-- Opening Marker --

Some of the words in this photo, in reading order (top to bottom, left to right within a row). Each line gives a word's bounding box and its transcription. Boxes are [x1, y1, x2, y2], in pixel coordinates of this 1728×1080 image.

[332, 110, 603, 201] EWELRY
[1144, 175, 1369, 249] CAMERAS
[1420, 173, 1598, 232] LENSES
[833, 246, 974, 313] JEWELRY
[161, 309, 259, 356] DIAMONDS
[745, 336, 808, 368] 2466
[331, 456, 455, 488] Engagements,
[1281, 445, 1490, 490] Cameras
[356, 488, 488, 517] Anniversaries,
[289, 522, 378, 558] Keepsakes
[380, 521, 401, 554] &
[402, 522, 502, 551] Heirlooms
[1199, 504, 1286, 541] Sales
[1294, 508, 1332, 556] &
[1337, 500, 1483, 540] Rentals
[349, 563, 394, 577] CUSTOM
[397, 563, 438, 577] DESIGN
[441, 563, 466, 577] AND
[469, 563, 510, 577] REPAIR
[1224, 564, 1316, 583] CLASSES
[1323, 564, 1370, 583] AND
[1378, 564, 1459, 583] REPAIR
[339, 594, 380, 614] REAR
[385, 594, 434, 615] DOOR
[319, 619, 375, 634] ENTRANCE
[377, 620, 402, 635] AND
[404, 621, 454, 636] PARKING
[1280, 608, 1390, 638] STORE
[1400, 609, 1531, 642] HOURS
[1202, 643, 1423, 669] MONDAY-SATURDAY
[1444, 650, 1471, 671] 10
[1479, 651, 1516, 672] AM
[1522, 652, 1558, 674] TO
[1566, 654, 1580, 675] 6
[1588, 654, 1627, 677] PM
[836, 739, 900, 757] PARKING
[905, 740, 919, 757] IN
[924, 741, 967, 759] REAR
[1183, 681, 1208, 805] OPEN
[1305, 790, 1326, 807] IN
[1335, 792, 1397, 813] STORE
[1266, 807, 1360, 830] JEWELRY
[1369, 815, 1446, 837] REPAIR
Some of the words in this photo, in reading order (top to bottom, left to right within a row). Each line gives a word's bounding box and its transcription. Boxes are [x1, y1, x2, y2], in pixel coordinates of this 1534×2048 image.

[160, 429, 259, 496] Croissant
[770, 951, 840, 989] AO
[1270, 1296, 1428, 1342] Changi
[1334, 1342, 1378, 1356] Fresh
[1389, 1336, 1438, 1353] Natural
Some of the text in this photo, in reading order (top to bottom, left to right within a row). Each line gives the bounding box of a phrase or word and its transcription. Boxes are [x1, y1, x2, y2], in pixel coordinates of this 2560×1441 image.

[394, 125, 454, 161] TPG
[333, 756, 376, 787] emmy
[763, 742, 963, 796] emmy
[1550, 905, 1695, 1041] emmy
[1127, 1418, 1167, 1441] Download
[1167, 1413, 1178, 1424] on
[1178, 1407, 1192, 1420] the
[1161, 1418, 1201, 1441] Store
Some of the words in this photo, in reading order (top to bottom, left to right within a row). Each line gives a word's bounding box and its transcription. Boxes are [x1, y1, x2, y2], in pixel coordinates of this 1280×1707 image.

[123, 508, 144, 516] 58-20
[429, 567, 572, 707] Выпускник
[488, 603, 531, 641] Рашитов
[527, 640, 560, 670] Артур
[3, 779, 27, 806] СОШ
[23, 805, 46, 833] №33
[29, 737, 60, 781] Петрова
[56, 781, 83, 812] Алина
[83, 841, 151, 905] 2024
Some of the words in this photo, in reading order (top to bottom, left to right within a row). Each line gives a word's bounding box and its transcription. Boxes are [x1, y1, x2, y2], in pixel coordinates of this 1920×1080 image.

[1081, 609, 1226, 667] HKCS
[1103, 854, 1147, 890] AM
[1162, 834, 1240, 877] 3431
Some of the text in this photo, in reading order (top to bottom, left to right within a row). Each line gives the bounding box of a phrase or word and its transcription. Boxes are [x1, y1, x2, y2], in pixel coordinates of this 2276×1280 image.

-- Closing Marker --

TO DO –
Return the material above unaltered. Include every line.

WORKED SOLUTION –
Some of the words in this photo, in reading order (top to bottom, left to right within a row). Each line gives a word's bounding box and its transcription. Boxes are [x1, y1, x2, y2], in pixel coordinates of this 1728×1080 image.

[332, 110, 603, 201] EWELRY
[1144, 175, 1369, 249] CAMERAS
[1420, 173, 1598, 232] LENSES
[833, 246, 974, 313] JEWELRY
[161, 309, 259, 356] DIAMONDS
[745, 336, 808, 368] 2466
[331, 456, 455, 488] Engagements,
[1281, 445, 1490, 490] Cameras
[356, 488, 488, 517] Anniversaries,
[289, 522, 378, 558] Keepsakes
[380, 521, 401, 554] &
[402, 522, 502, 551] Heirlooms
[1199, 504, 1286, 541] Sales
[1294, 508, 1332, 556] &
[1337, 500, 1483, 540] Rentals
[349, 563, 394, 577] CUSTOM
[397, 563, 438, 577] DESIGN
[441, 563, 466, 577] AND
[469, 563, 510, 577] REPAIR
[1224, 564, 1316, 583] CLASSES
[1323, 564, 1370, 583] AND
[1378, 564, 1459, 583] REPAIR
[339, 594, 380, 614] REAR
[385, 594, 434, 615] DOOR
[319, 619, 375, 634] ENTRANCE
[377, 620, 402, 635] AND
[404, 621, 454, 636] PARKING
[1280, 608, 1390, 638] STORE
[1400, 609, 1531, 642] HOURS
[1202, 643, 1423, 669] MONDAY-SATURDAY
[1444, 650, 1471, 671] 10
[1479, 651, 1516, 672] AM
[1522, 652, 1558, 674] TO
[1566, 654, 1580, 675] 6
[1588, 654, 1627, 677] PM
[836, 739, 900, 757] PARKING
[905, 740, 919, 757] IN
[924, 741, 967, 759] REAR
[1183, 681, 1208, 805] OPEN
[1305, 790, 1326, 807] IN
[1335, 792, 1397, 813] STORE
[1266, 807, 1360, 830] JEWELRY
[1369, 815, 1446, 837] REPAIR
Some of the words in this photo, in reading order (top to bottom, left to right within a row). Each line gives a word's bounding box and its transcription. Boxes are [x1, y1, x2, y2], in pixel coordinates of this 1534×2048 image.

[160, 429, 259, 496] Croissant
[770, 951, 840, 989] AO
[1270, 1296, 1428, 1342] Changi
[1334, 1342, 1378, 1356] Fresh
[1389, 1336, 1438, 1353] Natural
Some of the text in this photo, in reading order (top to bottom, left to right within a row). Each line gives the bounding box of a phrase or word and its transcription. Boxes are [x1, y1, x2, y2], in pixel coordinates of this 2560×1441 image.

[394, 125, 454, 161] TPG
[333, 756, 376, 787] emmy
[763, 742, 963, 796] emmy
[1550, 905, 1695, 1041] emmy
[1127, 1418, 1167, 1441] Download
[1167, 1413, 1178, 1424] on
[1178, 1407, 1192, 1420] the
[1161, 1418, 1201, 1441] Store
Some of the words in this photo, in reading order (top to bottom, left to right within a row). Each line gives a word's bounding box and its transcription. Boxes are [x1, y1, x2, y2], in pixel coordinates of this 1280×1707 image.

[123, 508, 144, 516] 58-20
[429, 567, 572, 707] Выпускник
[488, 603, 531, 641] Рашитов
[527, 640, 560, 670] Артур
[3, 779, 27, 806] СОШ
[23, 805, 46, 833] №33
[29, 737, 60, 781] Петрова
[56, 781, 83, 812] Алина
[83, 841, 151, 905] 2024
Some of the words in this photo, in reading order (top to bottom, left to right within a row). Each line gives a word's bounding box and its transcription. Boxes are [x1, y1, x2, y2], in pixel coordinates of this 1920×1080 image.

[1081, 609, 1226, 667] HKCS
[1103, 854, 1147, 890] AM
[1162, 834, 1240, 877] 3431
Some of the text in this photo, in reading order (top to bottom, left to right within a row). Each line gives the bounding box of a phrase or word and its transcription. Boxes are [x1, y1, x2, y2], in pixel coordinates of this 2276×1280 image.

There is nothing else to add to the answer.